*** RECORDS TO PROCESS

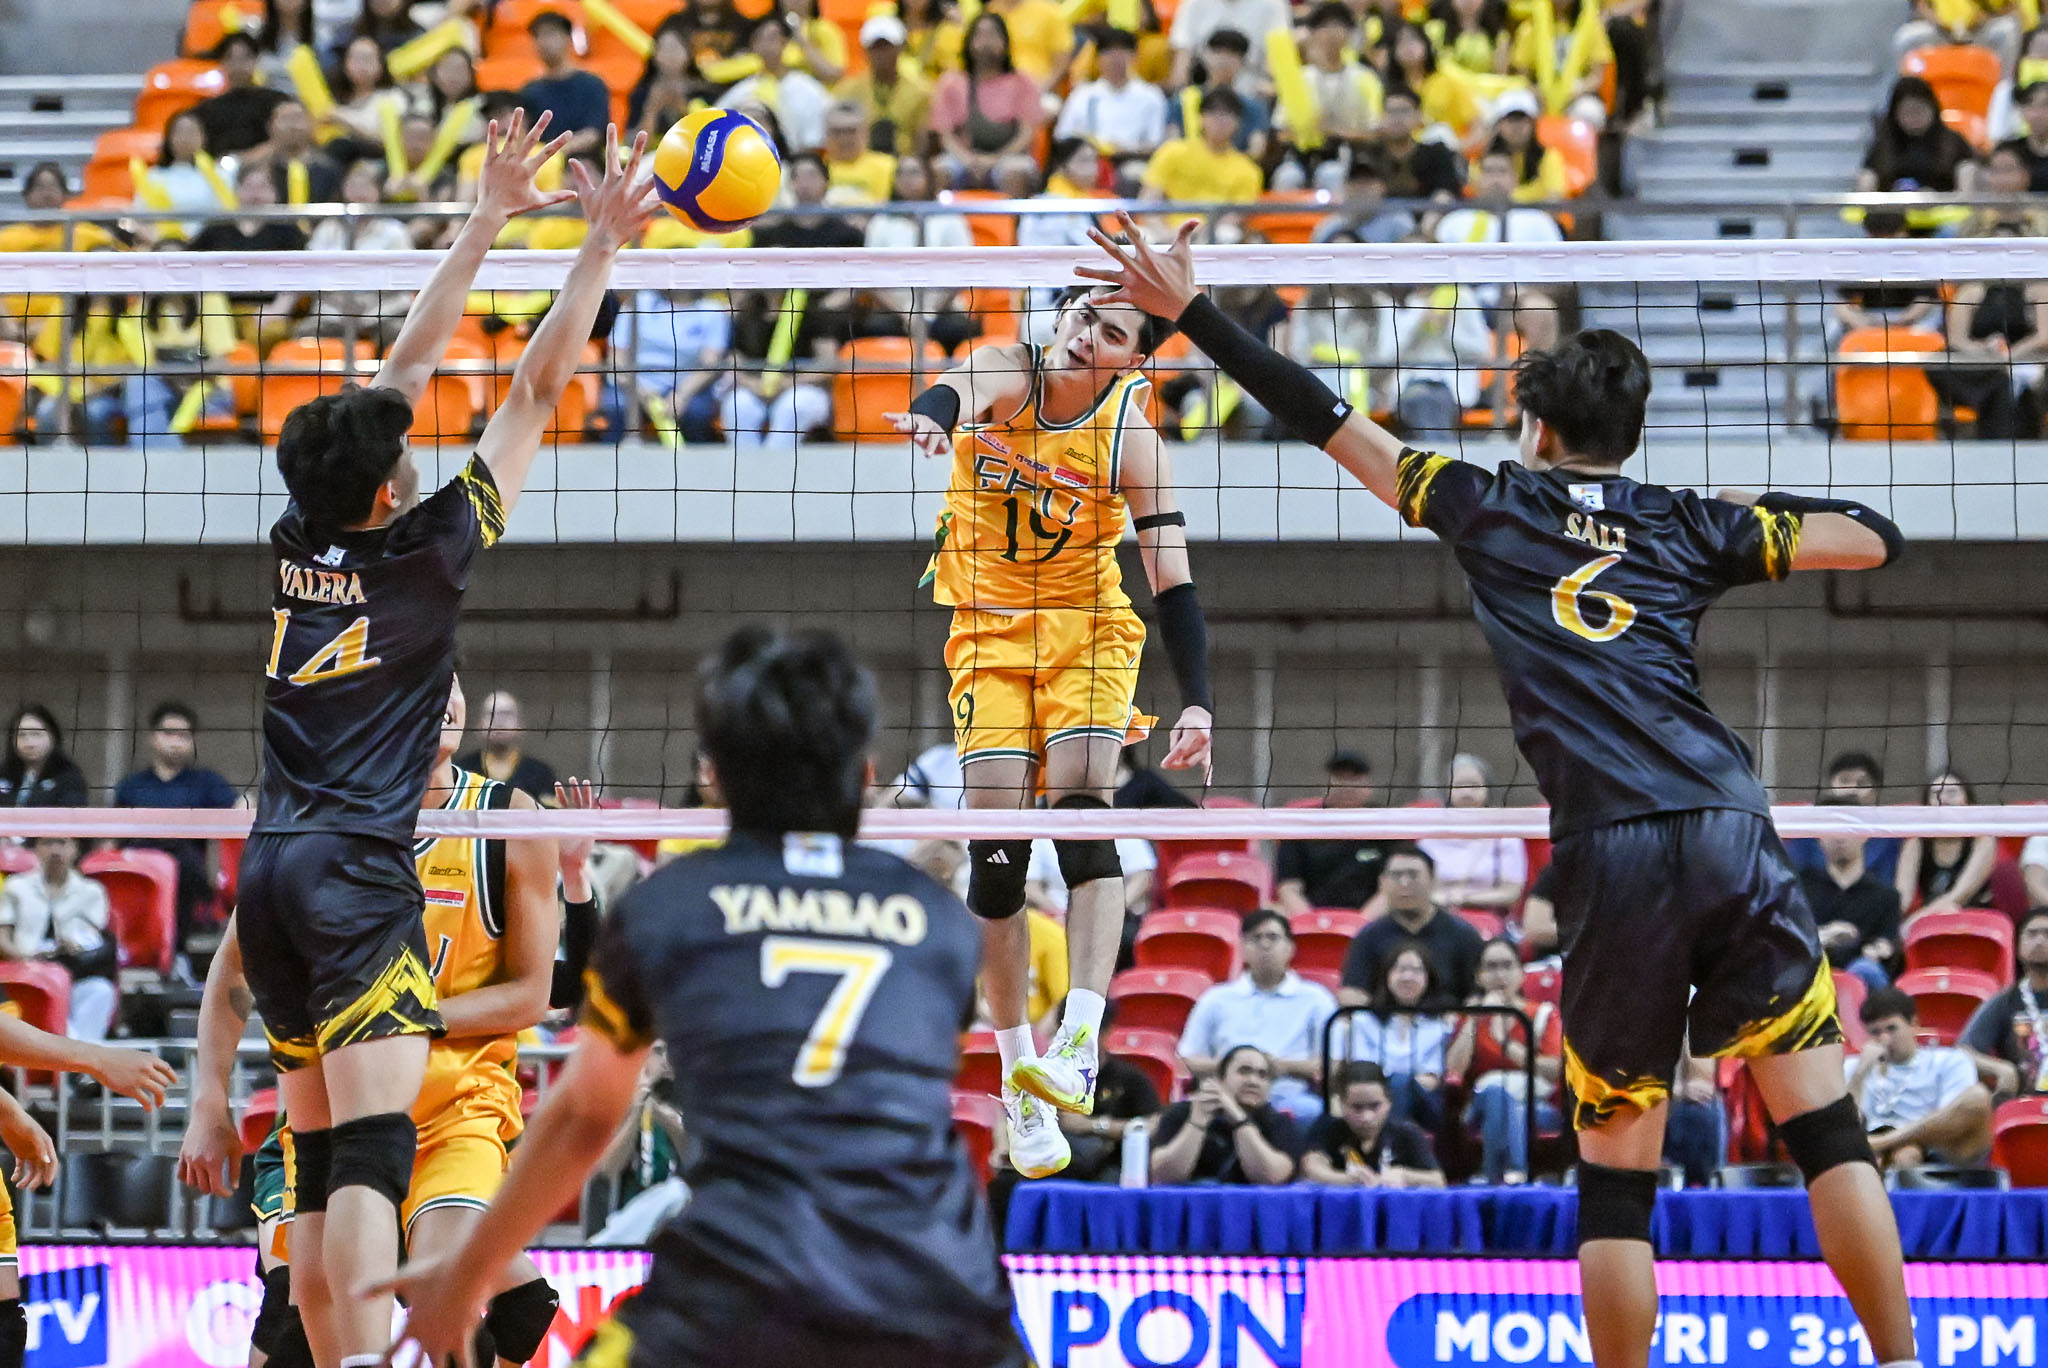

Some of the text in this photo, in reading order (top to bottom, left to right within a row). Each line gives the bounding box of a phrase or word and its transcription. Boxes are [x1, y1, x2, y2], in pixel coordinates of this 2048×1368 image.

[1000, 496, 1073, 563] 19
[1564, 512, 1628, 553] SALI
[280, 558, 368, 605] VALERA
[1550, 553, 1638, 642] 6
[265, 606, 382, 686] 14
[708, 884, 929, 947] YAMBAO
[760, 934, 894, 1088] 7
[1051, 1289, 1304, 1368] PON
[1937, 1314, 2036, 1367] PM

******

» **ABOUT THIS TASK**:
Please print the material exactly as given above, omitting the pictures.

» **EXERCISE OUTPUT**:
Some of the text in this photo, in reading order (top to bottom, left to right within a row). Each line gives the bounding box of a phrase or word and its transcription. Boxes are [x1, y1, x2, y2], in pixel coordinates of this 2048×1368 image.

[1000, 496, 1073, 563] 19
[1564, 512, 1628, 553] SALI
[280, 558, 368, 605] VALERA
[1550, 553, 1638, 642] 6
[265, 606, 382, 686] 14
[708, 884, 929, 947] YAMBAO
[760, 934, 894, 1088] 7
[1051, 1289, 1304, 1368] PON
[1937, 1314, 2036, 1367] PM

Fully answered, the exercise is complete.